Eurobank Ergasias Services and Holdings S.A. (Eurobank Holdings or Company) announces the following:
Α. In the Annual General Meeting of the Company’s shareholders, held on July 21, 2022, at 10 a.m., remotely via teleconference in real time, participated shareholders representing 2,768,461,395 shares out of 3.709.161.852 shares, corresponding to 74.64% of the paid-up share capital with voting rights.

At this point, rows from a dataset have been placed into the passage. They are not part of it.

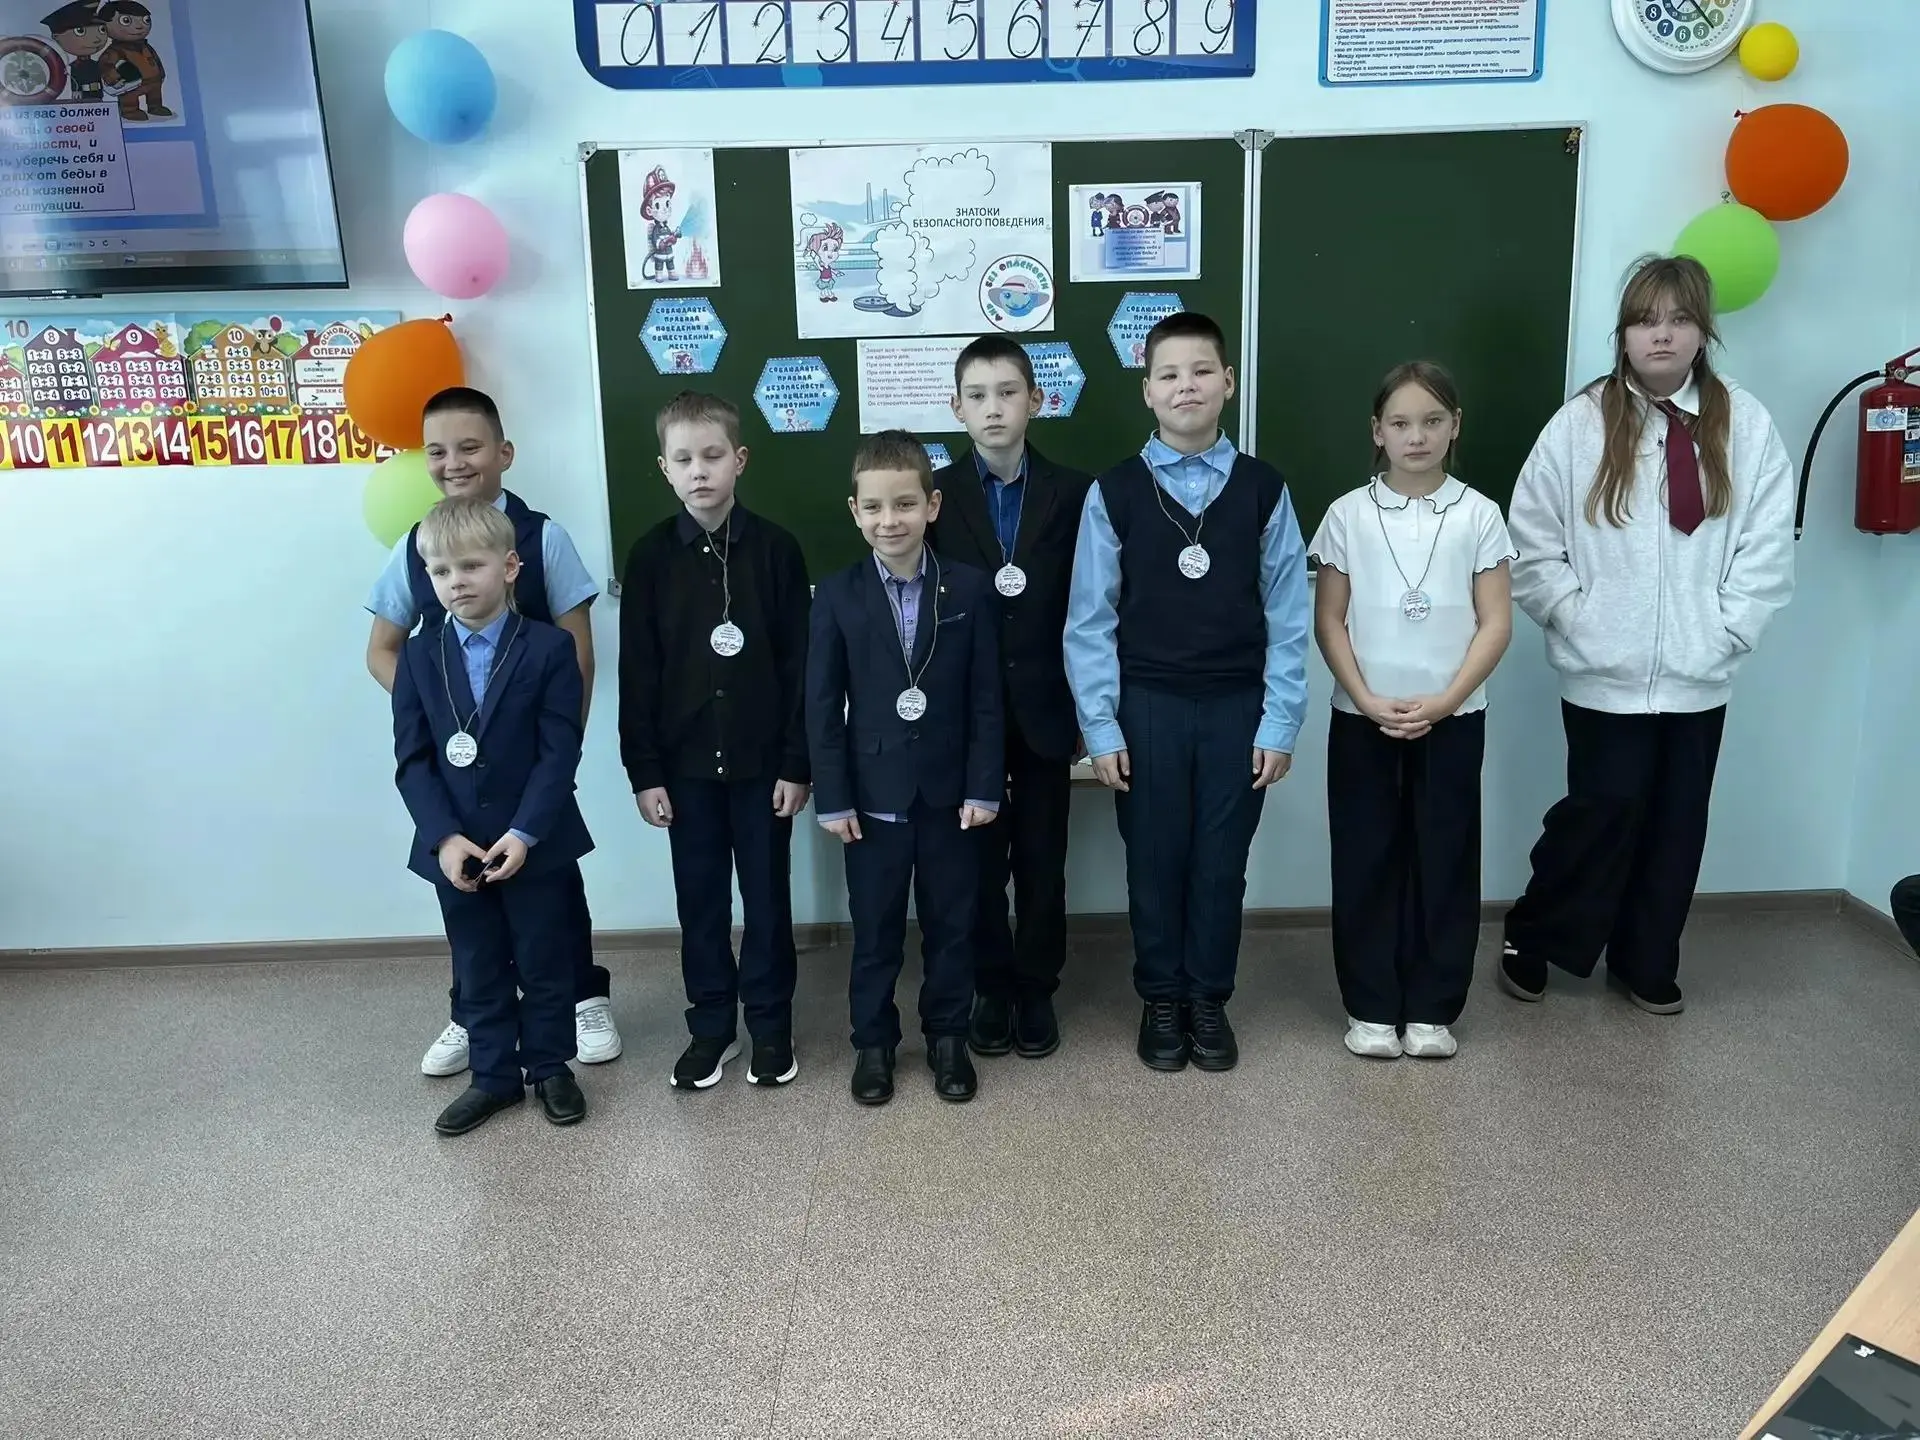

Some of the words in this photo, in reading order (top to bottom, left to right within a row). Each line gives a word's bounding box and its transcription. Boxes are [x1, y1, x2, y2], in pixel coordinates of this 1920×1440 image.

[1650, 7, 1656, 18] 8
[621, 3, 656, 65] 0
[689, 3, 718, 64] 1
[753, 2, 786, 63] 2
[817, 2, 849, 62] 3
[881, 1, 912, 60] 4
[944, 0, 976, 59] 5
[1008, 0, 1042, 58] 6
[1075, 0, 1102, 56] 7
[1134, 0, 1169, 56] 8
[1200, 0, 1234, 54] 9
[1662, 23, 1668, 33] 7
[1698, 26, 1704, 36] 5
[1680, 29, 1686, 40] 6
[34, 110, 56, 118] вас
[60, 107, 110, 118] должен
[44, 126, 52, 134] о
[56, 122, 94, 134] своей
[90, 139, 97, 148] и
[16, 155, 68, 168] уберечь
[73, 153, 104, 163] себя
[37, 172, 56, 180] от
[61, 169, 95, 179] беды
[100, 170, 107, 178] в
[32, 183, 104, 196] жизненной
[956, 207, 1000, 217] ЗНАТОКИ
[913, 218, 982, 228] БЕЗОПАСНОГО
[985, 217, 1044, 228] ПОВЕДЕНИЯ
[5, 320, 29, 338] 10
[48, 332, 55, 342] 8
[130, 332, 138, 342] 9
[229, 331, 242, 341] 10
[321, 328, 359, 345] ОСНОВНЫЕ
[30, 350, 49, 359] 1+7
[60, 350, 80, 359] 5+3
[228, 347, 248, 356] 4+6
[314, 347, 356, 356] ОПЕРАЦ
[32, 364, 52, 373] 2+6
[62, 363, 82, 373] 6+2
[98, 363, 118, 372] 1+8
[128, 362, 149, 371] 4+5
[159, 362, 179, 370] 7+2
[198, 361, 218, 370] 1+9
[230, 361, 250, 370] 5+5
[260, 360, 280, 369] 8+2
[34, 378, 54, 387] 3+5
[64, 377, 85, 386] 7+1
[100, 376, 120, 385] 2+7
[131, 375, 151, 384] 5+4
[161, 375, 181, 384] 8+1
[200, 375, 220, 384] 2+8
[231, 374, 251, 383] 6+4
[261, 374, 280, 383] 9+1
[202, 388, 222, 396] 3+7
[232, 387, 253, 396] 7+3
[261, 387, 283, 396] 10+0
[766, 383, 824, 391] БЕЗОПАСНОСТИ
[67, 390, 87, 398] 8+0
[102, 389, 123, 398] 3+6
[133, 389, 153, 397] 6+3
[163, 388, 183, 397] 9+0
[10, 424, 44, 464] 10
[47, 423, 79, 463] 11
[82, 422, 119, 461] 12
[118, 422, 153, 461] 13
[154, 421, 190, 460] 14
[191, 420, 227, 460] 15
[228, 420, 263, 459] 16
[265, 420, 298, 459] 17
[301, 419, 336, 459] 18
[338, 419, 373, 458] 19

In respect of the items on the agenda, as referred to on the invitation dated 30.06.2022, the General Meeting:
1. Approved, with a majority exceeding the minimum required by the law, the Annual and Consolidated Financial Statements for the financial year 2021, as well as the Directors’ and Auditors’ Reports.
The voting results on the respective item were as follows:
- Number of shares for valid votes given: 2,764,665,178 (99.86% of the share capital with voting rights on the items of the agenda), out of which:
- For: 2,764,663,978
- Against: 1,200
- Abstain: 3,796,217
2. Approved, with a majority exceeding the minimum required by the law, the offsetting “Corporate law Reserves” and “Share Premium”, with accumulated losses amounting to €13,813,713,430.07 from the account “Retained earnings/losses”.
The voting results on the respective item were as follows:
- Number of shares for valid votes given: 2,768,452,920 (99.99% of the share capital with voting rights on the items of the agenda), out of which:
- For: 2,768,451,720
- Against: 1,200
- Abstain: 8,475
3. Approved, with a majority exceeding the minimum required by the law, the overall management for the financial year 2021 as well as the discharge of the Auditors for the financial year 2021.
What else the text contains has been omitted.